Thanks for the references. I found the second reference
once I had worked out that the volume number is 107.
Martin does, as you say, use the quantity
SUM p ln p + ln #cells
In fields I know a bit about, it is more common
to use
- SUM p ln p = H
as a basic quantity. This is what is used in
my program -ineq- on SSC, for example.
Also, if this H is based on K categories, it can vary
between 0 and ln K, so a simple scaling is H / ln K.
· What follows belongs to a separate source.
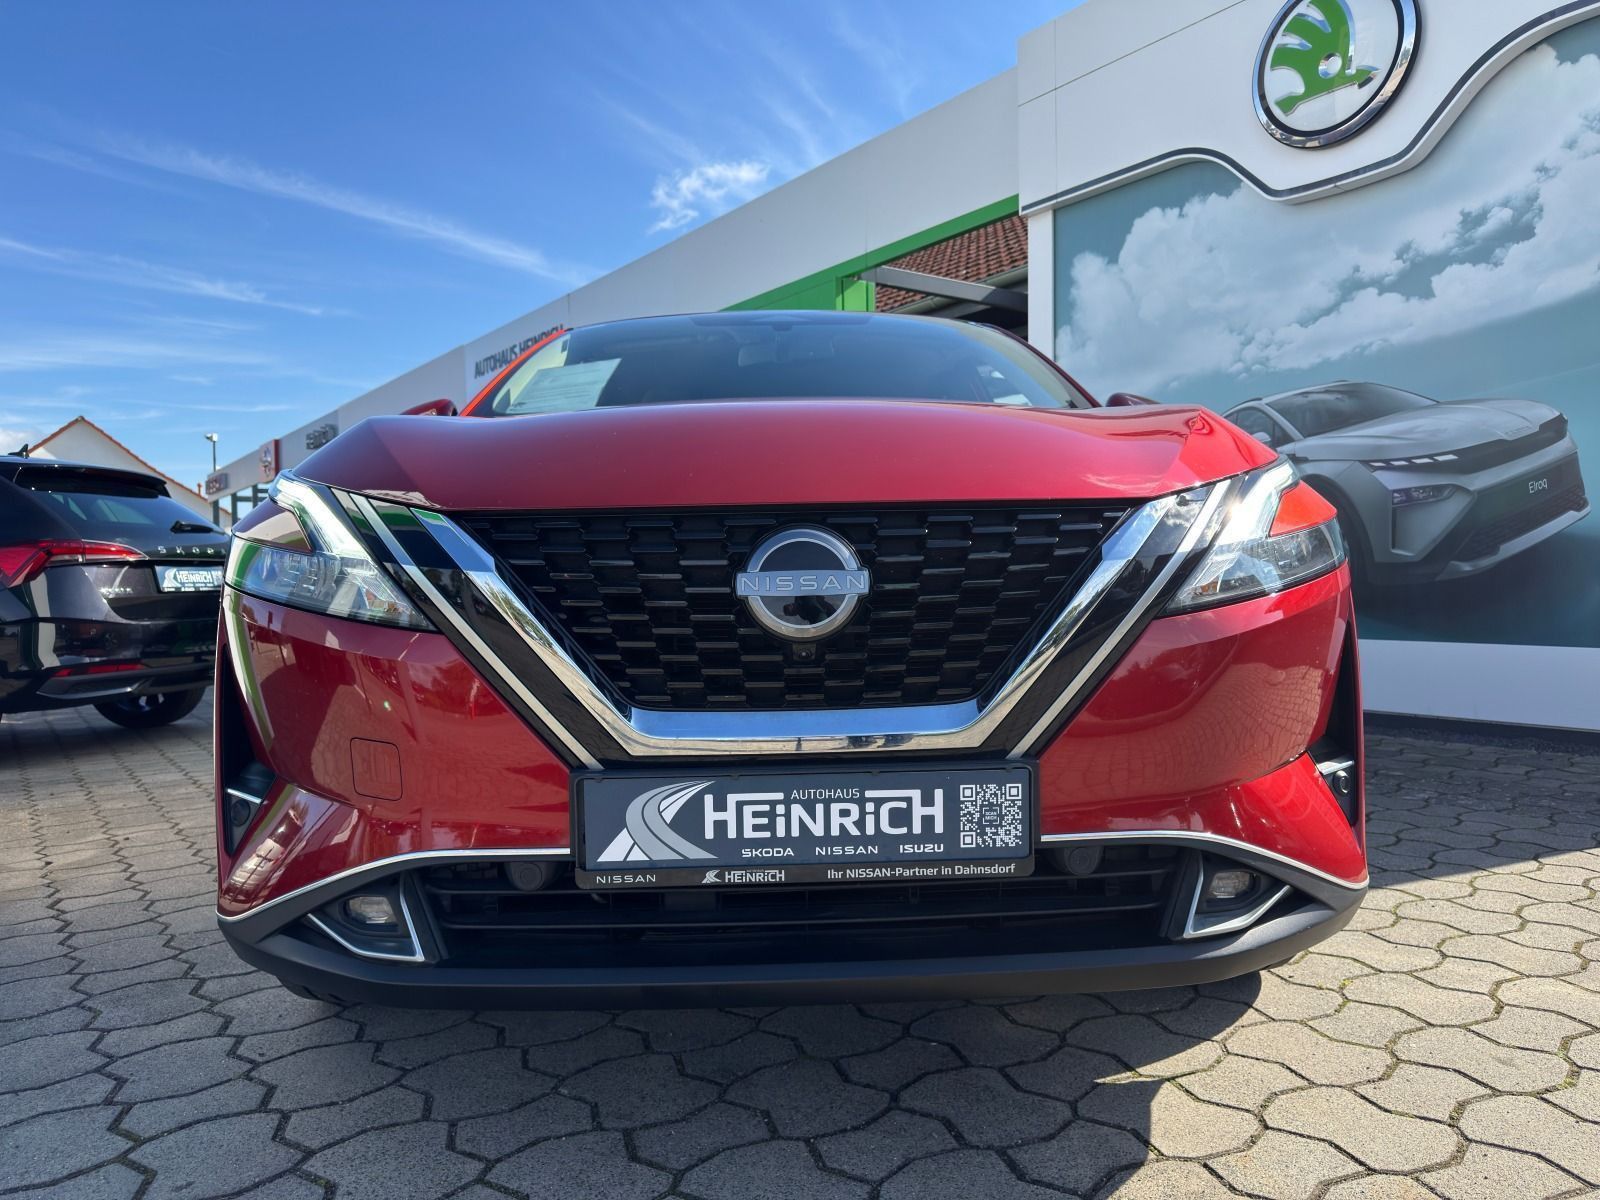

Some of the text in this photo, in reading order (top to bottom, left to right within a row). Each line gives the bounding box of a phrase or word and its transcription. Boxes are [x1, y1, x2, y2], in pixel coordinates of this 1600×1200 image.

(In the limiting case of a single category with p = 1,
you have to trap the 0 / 0 calculation.) There is
no assumption or approximation in this.
I am not clear that this is what you doing, but no
matter.
Looking at my little program, it is easy to generalise
it so that it can take one variable or two. This is me
modifying the program so it does things I sometimes
want to do, no more.
*! 1.0.0 NJC 30 March 2006
program myentropy, rclass
version 9
syntax varlist(min=1 max=2) [if] [in] [fweight aweight]
marksample touse
qui count if `touse'
if r(N) == 0 error 2000
tempname matname
tab `varlist' [`weight' `exp'] if `touse', matcell(`matname')
mat `matname' = `matname' / r(N)
mata: subroutine("`matname'")
di
di as txt "entropy " as res %7.4f r(entropy)
di as txt "scaled [0,1] " as res %7.4f r(scaled)
return scalar entropy = r(entropy)
return scalar scaled = r(scaled)
end
mata:
void subroutine(string scalar matname)
{
real matrix X
real scalar H
X = st_matrix(matname)
H = -sum(X :* ln(X))
scaled = H == 0 ? 0 : H / ln(rows(X) * cols(X))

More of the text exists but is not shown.